Where I see a potential problem (no pun intended!) is in reminding people of ordinary electrical hazards whenever they emerge during the course of maintenance procedures. If all we do is provide "NOTE: be sure power is disconnected before touching any conductive part or path" each time, it's going to become second-nature to read over it. now perhaps having to flip back and forth between pages or screens, to follow the actual procedure. That in itself is a couple of sources of added risk.

Let me put in a plug, again, for the joys of hypertext in an 'electronic' manual: there are several ways that 'danger!' might be incorporated into display as a given procedure commences (e.g. part of the text blinks in a different color or gives sound feedback) and full linking to both summary warnings and more-and-more-detailed discussion is easy to provide.

I suggest that we look into establishing 'electrical safety' guidelines for Becky's 'Best Practices' documentation, starting with precisely how we should structure safety information in manuals and other physical forms of documentation.

As someone who works with dangerous levels of electricity on a daily basis, let me make this plain:

No amount of safety crap will help if you don't understand the dangers involved. You can print warning after warning, but you must be aware IN YOUR OWN HEAD how dangerous electricity (or anything) can be. If you got someone working on this equipment who knows nothing more then to bounce from safety warning to safety warning, he is going to get hurt sooner or later.

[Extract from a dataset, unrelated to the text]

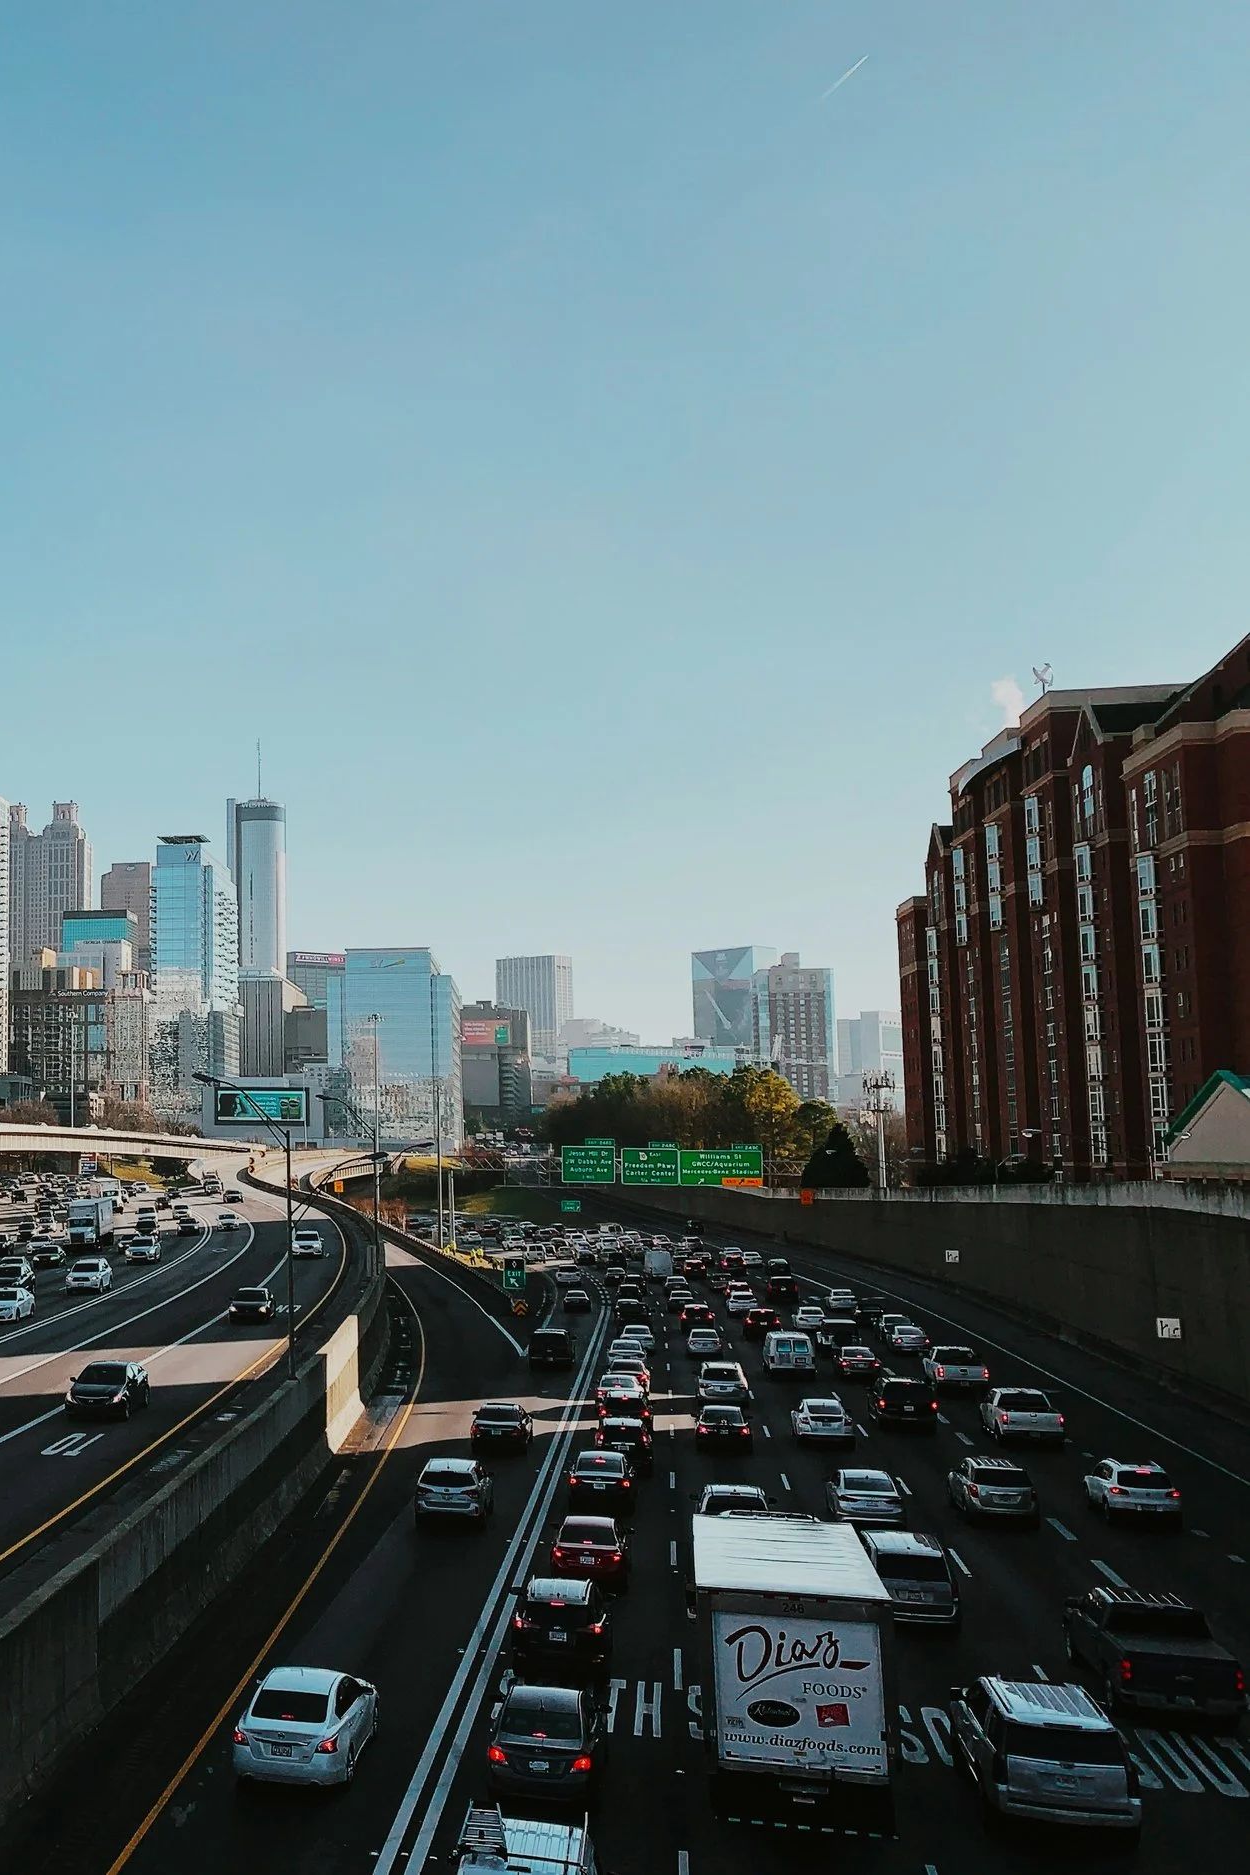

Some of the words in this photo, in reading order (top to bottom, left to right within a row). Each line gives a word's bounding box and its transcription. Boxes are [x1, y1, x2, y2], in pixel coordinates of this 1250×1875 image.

Breakdowns cause things to happen in ways that the safety warning can't predict.

Well said...

Nothing replaces substantial knowledge and experience. EMD SD70ACe's have an engraved plate in the cab explaining 'inverter discharge procedure.' Have to say that most of the shop folks never even noticed it.

Dave

Keep in mind that "back then" was not "the modern day".

"Back then", companies did not have whole staffs of people that went around making sure people sat at their desks correctly. Bridge piers did not have barrels of sand in front of them. Outlets did not have GFCI or kid-proof covers as new ones do. Most people worked in industrial work, which was inherently dangerous, and working around danger was an accepted part of working to earn a paycheck. Understanding the danger was part of the job, and the penalty for carelessness - getting maimed - was considered just. What else could happen? Everyone was getting by on thin dollar, there simply wasn't room in the economy to hand a lifetime trust-fund to a guy who got an arm smashed in a press. There were good family networks, and the family was expected to provide lifetime care to the invalid.

Suggesting that somebody work in "electrical" would be like suggesting they work in "radioactive" today. It was complex, scary and inherently hazardous. The workers were a cut above, and expected to know what they were doing. And most likely they came up through a long apprenticeship where the stupid got filtered out.

One of my friends back East is an EE for a major utility. I recall when I stayed at his house, he had some eye popping photographs of electrical jury rigging that he had encountered when working abroad.